**What to do:**
The entries should be given again so that each one matches the original exactly.

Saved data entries
━━━━━━━━━━

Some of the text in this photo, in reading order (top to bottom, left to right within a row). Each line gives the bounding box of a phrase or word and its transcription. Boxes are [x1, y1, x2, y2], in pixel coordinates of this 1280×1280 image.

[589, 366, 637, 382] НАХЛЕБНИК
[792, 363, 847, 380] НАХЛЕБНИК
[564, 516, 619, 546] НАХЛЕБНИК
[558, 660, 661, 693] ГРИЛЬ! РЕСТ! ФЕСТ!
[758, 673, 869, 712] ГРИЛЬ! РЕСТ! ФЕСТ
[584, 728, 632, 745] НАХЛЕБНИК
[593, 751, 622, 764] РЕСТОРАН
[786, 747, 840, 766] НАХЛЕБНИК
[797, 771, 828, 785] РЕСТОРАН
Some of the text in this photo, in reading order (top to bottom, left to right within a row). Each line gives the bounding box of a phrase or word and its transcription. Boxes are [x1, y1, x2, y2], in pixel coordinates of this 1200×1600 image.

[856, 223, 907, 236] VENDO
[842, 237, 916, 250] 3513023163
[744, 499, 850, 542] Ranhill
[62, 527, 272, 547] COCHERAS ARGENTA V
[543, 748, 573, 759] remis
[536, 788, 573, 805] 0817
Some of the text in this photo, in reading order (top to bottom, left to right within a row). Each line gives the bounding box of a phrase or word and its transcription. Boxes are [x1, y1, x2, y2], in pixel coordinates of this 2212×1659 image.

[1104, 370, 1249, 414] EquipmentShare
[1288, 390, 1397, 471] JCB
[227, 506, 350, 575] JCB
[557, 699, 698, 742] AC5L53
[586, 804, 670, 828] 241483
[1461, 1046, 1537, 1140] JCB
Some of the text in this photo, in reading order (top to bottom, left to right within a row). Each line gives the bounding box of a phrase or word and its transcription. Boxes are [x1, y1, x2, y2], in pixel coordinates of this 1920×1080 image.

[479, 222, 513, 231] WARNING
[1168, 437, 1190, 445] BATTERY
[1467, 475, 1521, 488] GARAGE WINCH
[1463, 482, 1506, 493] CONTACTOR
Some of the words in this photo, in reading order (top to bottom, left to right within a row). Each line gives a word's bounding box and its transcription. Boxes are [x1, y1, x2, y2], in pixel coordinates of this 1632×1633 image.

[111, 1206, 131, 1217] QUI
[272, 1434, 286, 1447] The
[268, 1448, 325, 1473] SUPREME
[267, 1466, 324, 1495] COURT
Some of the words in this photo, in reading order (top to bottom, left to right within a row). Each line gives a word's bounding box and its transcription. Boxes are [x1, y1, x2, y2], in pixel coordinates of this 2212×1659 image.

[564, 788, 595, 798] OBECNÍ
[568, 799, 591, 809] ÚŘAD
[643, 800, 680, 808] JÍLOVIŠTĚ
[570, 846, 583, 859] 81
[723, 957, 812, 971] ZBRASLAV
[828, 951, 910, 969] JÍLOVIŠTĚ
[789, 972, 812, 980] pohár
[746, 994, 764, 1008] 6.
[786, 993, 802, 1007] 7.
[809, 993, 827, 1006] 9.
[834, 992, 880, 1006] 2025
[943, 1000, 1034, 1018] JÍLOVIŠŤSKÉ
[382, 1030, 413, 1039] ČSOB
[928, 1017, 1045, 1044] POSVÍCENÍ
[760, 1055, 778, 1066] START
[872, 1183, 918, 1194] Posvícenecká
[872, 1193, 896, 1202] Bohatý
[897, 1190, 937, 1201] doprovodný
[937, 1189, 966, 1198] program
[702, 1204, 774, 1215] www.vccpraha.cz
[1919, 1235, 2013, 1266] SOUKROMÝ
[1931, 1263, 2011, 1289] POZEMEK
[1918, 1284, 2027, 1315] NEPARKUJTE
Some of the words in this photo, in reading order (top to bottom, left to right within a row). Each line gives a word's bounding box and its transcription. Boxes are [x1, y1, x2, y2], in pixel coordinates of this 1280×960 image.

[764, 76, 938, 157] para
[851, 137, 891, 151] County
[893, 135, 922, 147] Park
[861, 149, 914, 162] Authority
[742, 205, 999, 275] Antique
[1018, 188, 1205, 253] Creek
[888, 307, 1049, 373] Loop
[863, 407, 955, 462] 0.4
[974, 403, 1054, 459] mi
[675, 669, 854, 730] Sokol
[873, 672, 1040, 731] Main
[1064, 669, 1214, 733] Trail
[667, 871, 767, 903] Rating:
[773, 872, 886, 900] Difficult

━━━━━━━━━━

**Solution to the exercise:**
Some of the text in this photo, in reading order (top to bottom, left to right within a row). Each line gives the bounding box of a phrase or word and its transcription. Boxes are [x1, y1, x2, y2], in pixel coordinates of this 1280×1280 image.

[589, 366, 637, 382] НАХЛЕБНИК
[792, 363, 847, 380] НАХЛЕБНИК
[564, 516, 619, 546] НАХЛЕБНИК
[558, 660, 661, 693] ГРИЛЬ! РЕСТ! ФЕСТ!
[758, 673, 869, 712] ГРИЛЬ! РЕСТ! ФЕСТ
[584, 728, 632, 745] НАХЛЕБНИК
[593, 751, 622, 764] РЕСТОРАН
[786, 747, 840, 766] НАХЛЕБНИК
[797, 771, 828, 785] РЕСТОРАН
Some of the text in this photo, in reading order (top to bottom, left to right within a row). Each line gives the bounding box of a phrase or word and its transcription. Boxes are [x1, y1, x2, y2], in pixel coordinates of this 1200×1600 image.

[856, 223, 907, 236] VENDO
[842, 237, 916, 250] 3513023163
[744, 499, 850, 542] Ranhill
[62, 527, 272, 547] COCHERAS ARGENTA V
[543, 748, 573, 759] remis
[536, 788, 573, 805] 0817
Some of the text in this photo, in reading order (top to bottom, left to right within a row). Each line gives the bounding box of a phrase or word and its transcription. Boxes are [x1, y1, x2, y2], in pixel coordinates of this 2212×1659 image.

[1104, 370, 1249, 414] EquipmentShare
[1288, 390, 1397, 471] JCB
[227, 506, 350, 575] JCB
[557, 699, 698, 742] AC5L53
[586, 804, 670, 828] 241483
[1461, 1046, 1537, 1140] JCB
Some of the text in this photo, in reading order (top to bottom, left to right within a row). Each line gives the bounding box of a phrase or word and its transcription. Boxes are [x1, y1, x2, y2], in pixel coordinates of this 1920×1080 image.

[479, 222, 513, 231] WARNING
[1168, 437, 1190, 445] BATTERY
[1467, 475, 1521, 488] GARAGE WINCH
[1463, 482, 1506, 493] CONTACTOR
Some of the words in this photo, in reading order (top to bottom, left to right within a row). Each line gives a word's bounding box and its transcription. Boxes are [x1, y1, x2, y2], in pixel coordinates of this 1632×1633 image.

[111, 1206, 131, 1217] QUI
[272, 1434, 286, 1447] The
[268, 1448, 325, 1473] SUPREME
[267, 1466, 324, 1495] COURT
Some of the words in this photo, in reading order (top to bottom, left to right within a row). Each line gives a word's bounding box and its transcription. Boxes are [x1, y1, x2, y2], in pixel coordinates of this 2212×1659 image.

[564, 788, 595, 798] OBECNÍ
[568, 799, 591, 809] ÚŘAD
[643, 800, 680, 808] JÍLOVIŠTĚ
[570, 846, 583, 859] 81
[723, 957, 812, 971] ZBRASLAV
[828, 951, 910, 969] JÍLOVIŠTĚ
[789, 972, 812, 980] pohár
[746, 994, 764, 1008] 6.
[786, 993, 802, 1007] 7.
[809, 993, 827, 1006] 9.
[834, 992, 880, 1006] 2025
[943, 1000, 1034, 1018] JÍLOVIŠŤSKÉ
[382, 1030, 413, 1039] ČSOB
[928, 1017, 1045, 1044] POSVÍCENÍ
[760, 1055, 778, 1066] START
[872, 1183, 918, 1194] Posvícenecká
[872, 1193, 896, 1202] Bohatý
[897, 1190, 937, 1201] doprovodný
[937, 1189, 966, 1198] program
[702, 1204, 774, 1215] www.vccpraha.cz
[1919, 1235, 2013, 1266] SOUKROMÝ
[1931, 1263, 2011, 1289] POZEMEK
[1918, 1284, 2027, 1315] NEPARKUJTE
Some of the words in this photo, in reading order (top to bottom, left to right within a row). Each line gives a word's bounding box and its transcription. Boxes are [x1, y1, x2, y2], in pixel coordinates of this 1280×960 image.

[764, 76, 938, 157] para
[851, 137, 891, 151] County
[893, 135, 922, 147] Park
[861, 149, 914, 162] Authority
[742, 205, 999, 275] Antique
[1018, 188, 1205, 253] Creek
[888, 307, 1049, 373] Loop
[863, 407, 955, 462] 0.4
[974, 403, 1054, 459] mi
[675, 669, 854, 730] Sokol
[873, 672, 1040, 731] Main
[1064, 669, 1214, 733] Trail
[667, 871, 767, 903] Rating:
[773, 872, 886, 900] Difficult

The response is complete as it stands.